Эндрю — единственный из гостей, кто сидит на этой галерее со мной. Обычно они и близко не подходят к хозяйской комнате, если только речь не идет об уборке, да и то, как правило, когда меня нет. Это и правда неловко. В конце концов, я не могу придумать ни одной причины, почему мне не следует самому застилать свою постель. Даже не знаю, что должно случиться в моей жизни, чтобы люди стали делать за меня мою работу. На самом деле время от времени я прокладываю себе путь на кухню, велю всем выйти и сам привожу в порядок послеобеденный хаос. Я делаю это не для того, чтобы быть хорошим парнем или что-то этим сказать, но потому что мне это нравится. Мне нравится мыть посуду и убираться на кухне. Кто бы мог подумать.
Однажды, прошлым летом, я пригласил сюда Эндрю на время послеполуденной грозы. Лично мне Эндрю понравился. Ему перевалило за тридцать, он был худой, негромкий и большую часть своей взрослой жизни посвятил буддизму. Насколько я помню, он практиковал випассану, что может объяснить его невозмутимое сдержанное поведение. Я хотел, чтобы кто-нибудь присоединился ко мне на время грозы, и Эндрю показался неплохим выбором, что подразумевало его способность сидеть тихо и наслаждаться грозой.
Что он и сделал. Когда гроза почти закончилась, мы налили чаю и стали обсуждать его отношения с буддизмом. Мне было интересно услышать о его взглядах и опыте. Вообще говоря, я никогда не мог понять буддизм концептуально. Я прекрасно понимаю дзэн — по крайней мере, ту его версию, которую сам тщательно очистил от лишнего, — но, как ни странно это звучит, мне ни разу не удалось найти связь между дзэном и буддизмом. Прежде всего, я никогда не мог понять, как желание стало плохим парнем, а сострадание хорошим. Судзуки говорит, что буддизм не имеет ничего общего с глубокими переживаниями, что буддизм — это обыденные вещи вроде поесть и идти спать. Время от времени я читал об этом в книгах и вроде бы что-то понял, но по большей части нет. Возможно, причина моего непонимания в том, что я продолжаю думать, будто цель буддизма состоит в пробуждении от заблуждений, а может и нет. Возможно, его цель в том, чтобы просто поесть и идти спать.
Было интересно послушать, что привело Эндрю в буддизм, но разговор с ним только подкрепил мое убеждение, что я чего-то не понял. Я не теолог, конечно, и никогда не углублялся в изучение религий, но в той степени, в какой я их изучал, мне не трудно понять, о чем они говорят. Христианство, иудаизм и ислам посвящены тому, чтобы сделать Бога счастливым, и он тоже подарит нам счастье. В индуизме похоже, но больше богов. Но буддизм ускользает от меня даже на таком сверхупрощенном уровне. Откровенно говоря, я думаю, что он ускользает от многих его приверженцев, что проявилось и в разговоре с Эндрю.

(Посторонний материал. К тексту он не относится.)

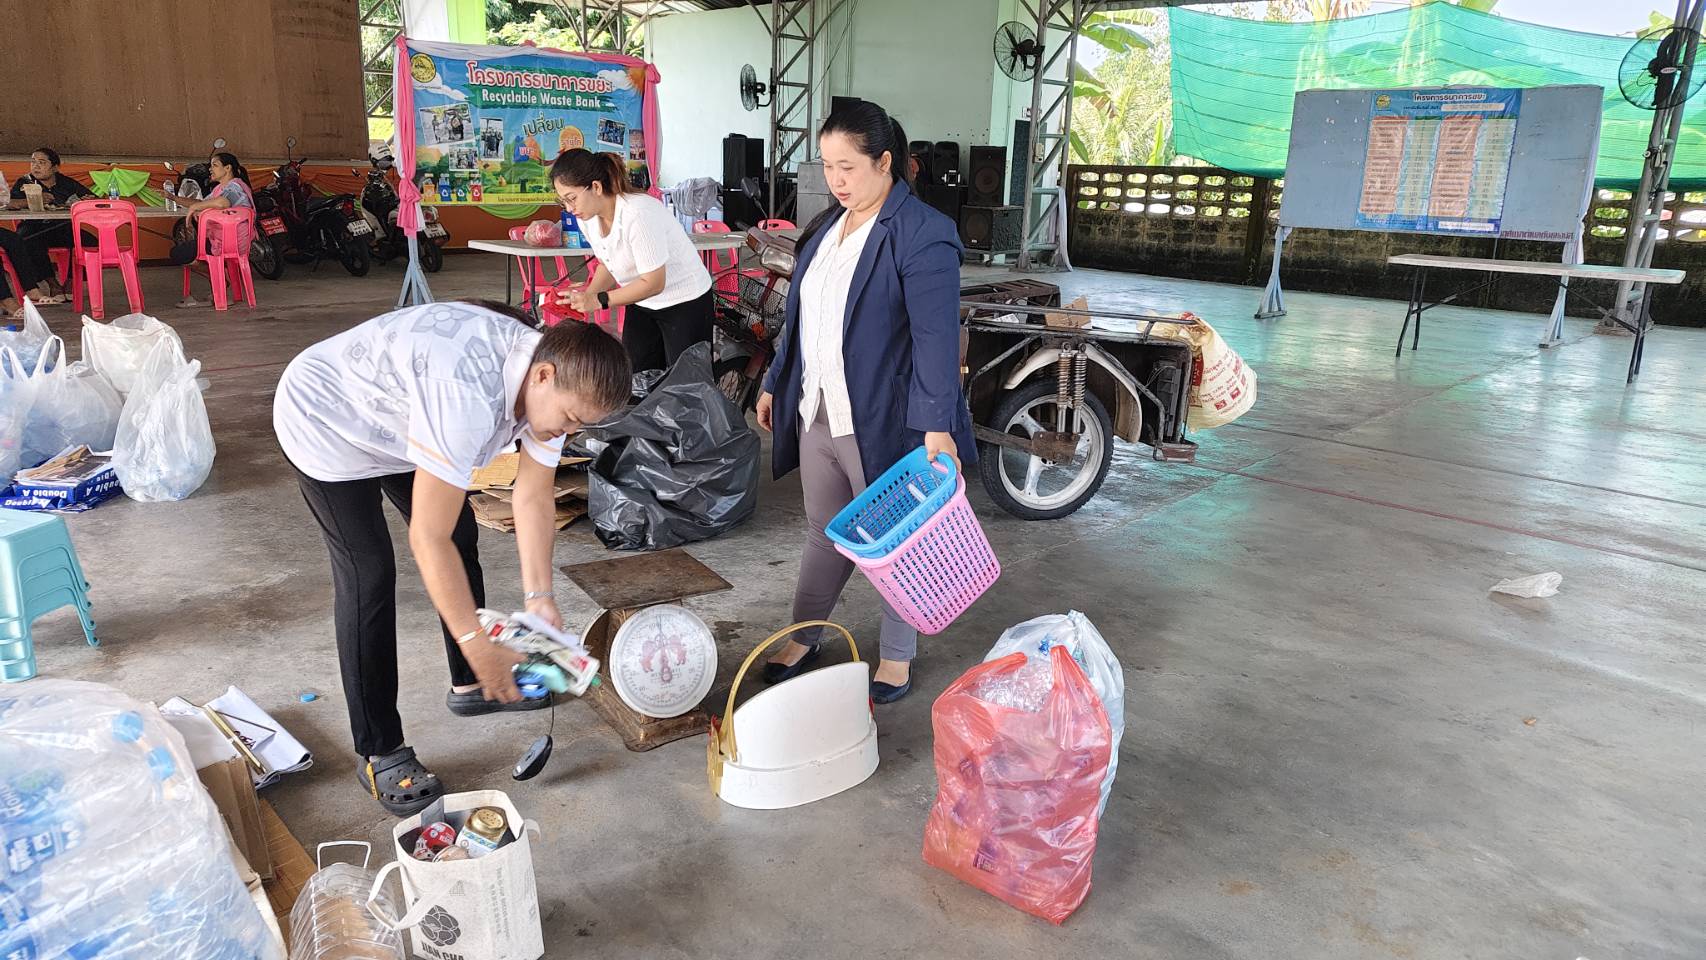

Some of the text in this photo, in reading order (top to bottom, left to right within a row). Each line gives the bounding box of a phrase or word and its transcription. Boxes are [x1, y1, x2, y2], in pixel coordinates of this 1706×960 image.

Он застрял на нескольких вопросах, по его словам. Мы обсудили некоторые из них, и я поделюсь ими, потому что они могут преподать важные уроки любому, кто пытается освободиться от уз заблуждений (как выражаемся мы в этой игре в просветление).
Что касается буддистской концепции непривязанности, то Эндрю следовало говорить не столько о ее непонимании, сколько о неспособности достичь непривязанности. Это, само собой, вело к парадоксу о желании не иметь желаний, которое само по себе является желанием, что представляет собой погоню за хвостом. Вместо того, чтобы просто подвести его к ответу, я предпочел какое-то время бубнить что-то вокруг да около, наблюдая за его реакцией. Эндрю не нуждался в деликатном подходе, в отличие от других. У него было достаточно мужества и ума, чтобы самому взглянуть на то, что ему показывают.

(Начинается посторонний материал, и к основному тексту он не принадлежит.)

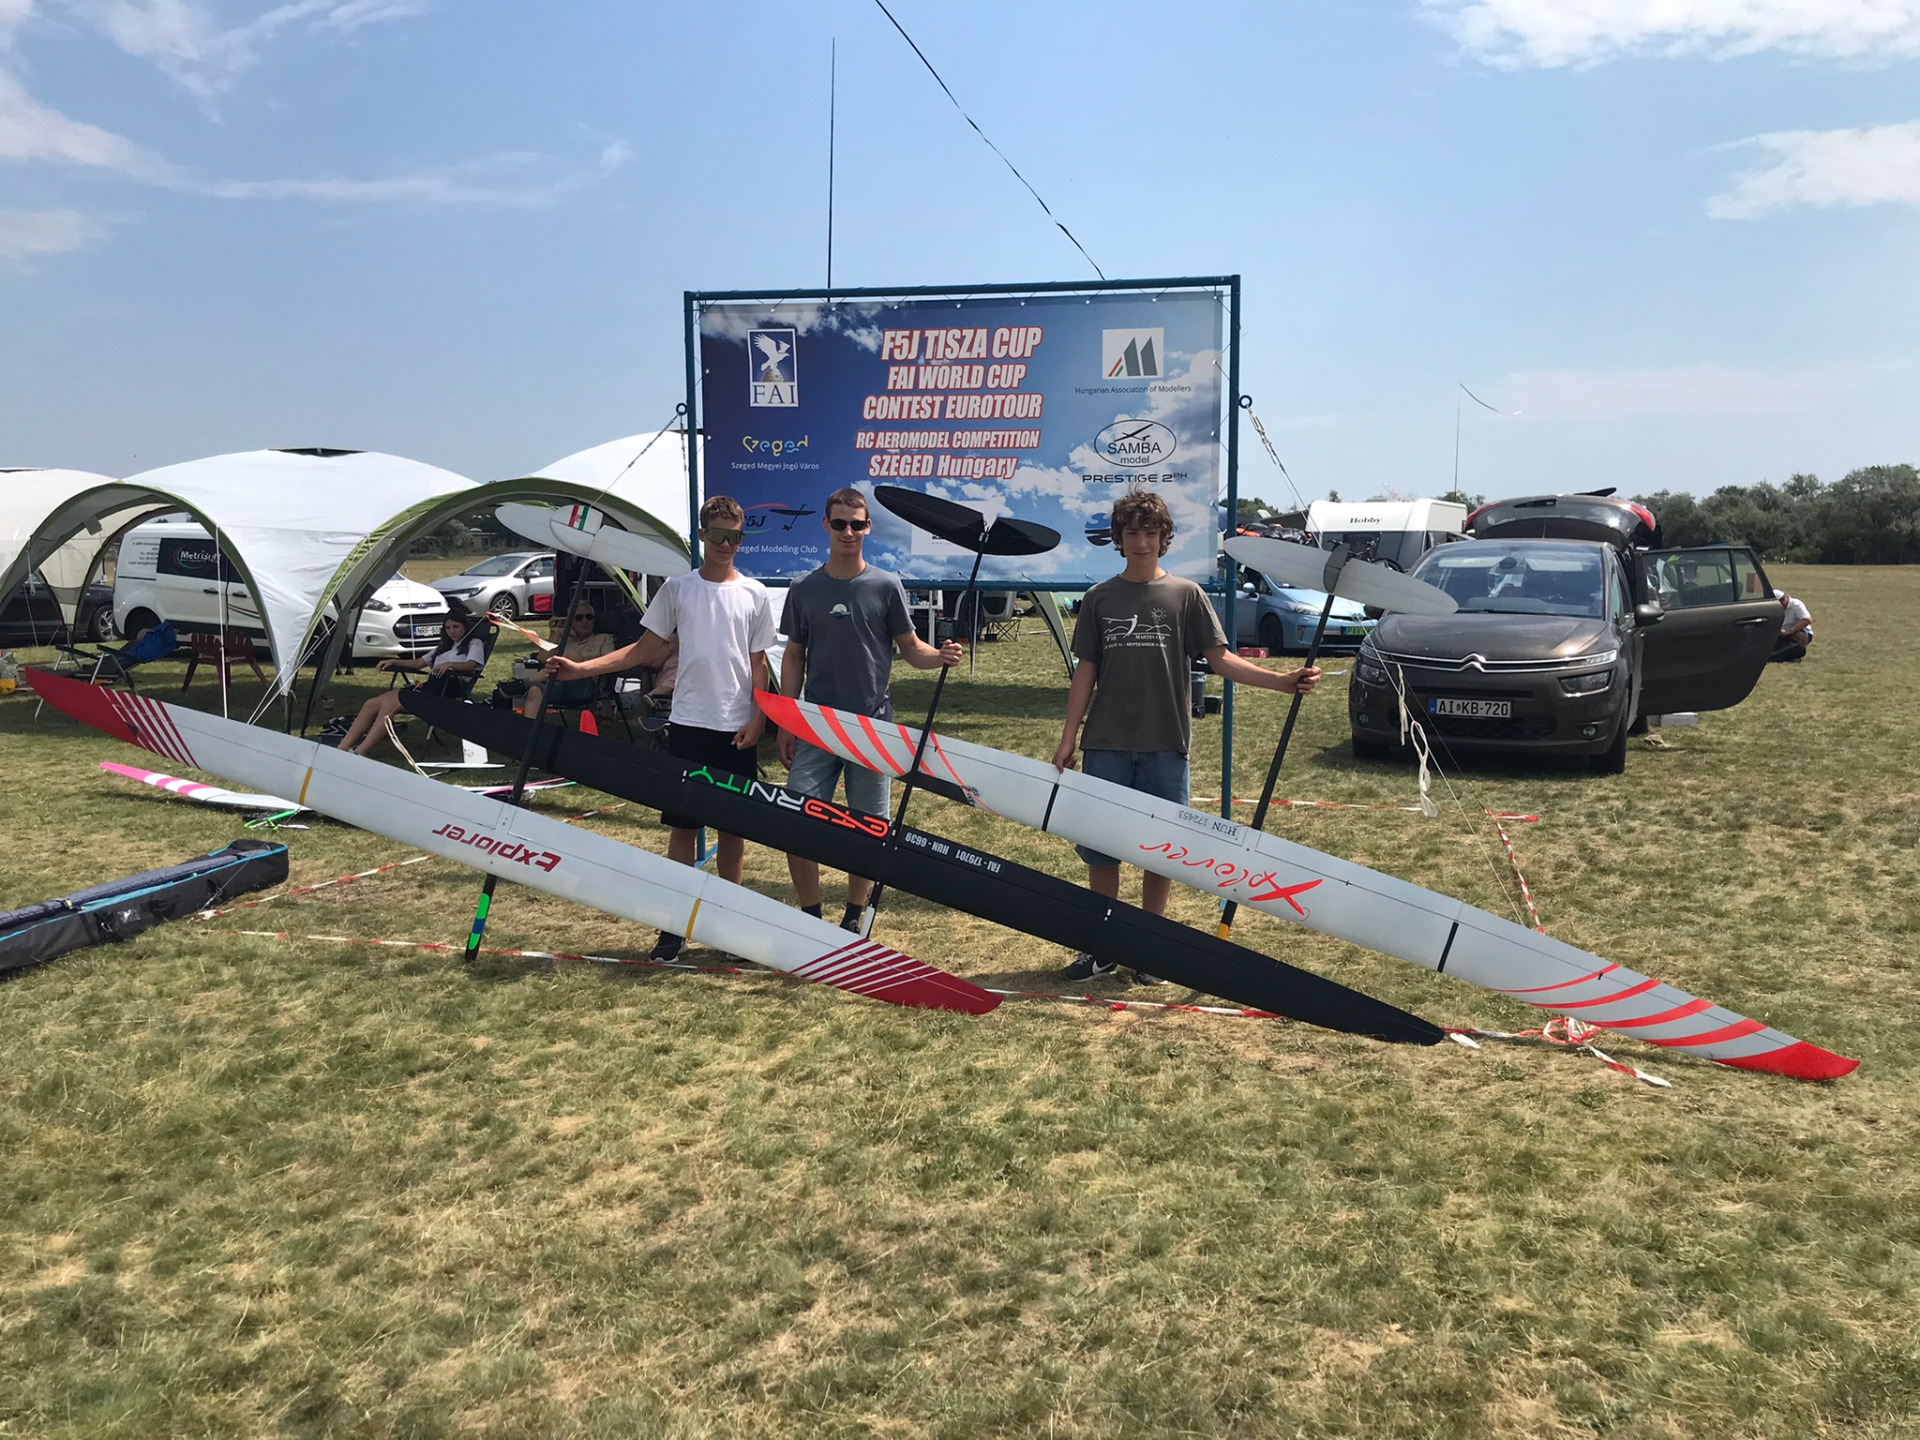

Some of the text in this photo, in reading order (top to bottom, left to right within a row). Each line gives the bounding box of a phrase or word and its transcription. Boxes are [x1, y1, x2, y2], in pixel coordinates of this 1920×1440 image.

— Непривязанность можно понимать двумя способами. Один способ — в контексте мирной, счастливой жизни. Другой — в контексте пробуждения от заблуждений, и это, кажется, называют нирваной. Я прав, когда говорю, что целью буддизма зачастую объявляется искренность, свобода от страданий или что-то вроде этого?
Эндрю подтвердил, что насыщенная и удовлетворенная жизнь во многом является целью буддизма, но добавил, что просветление — нирвана — ему ближе.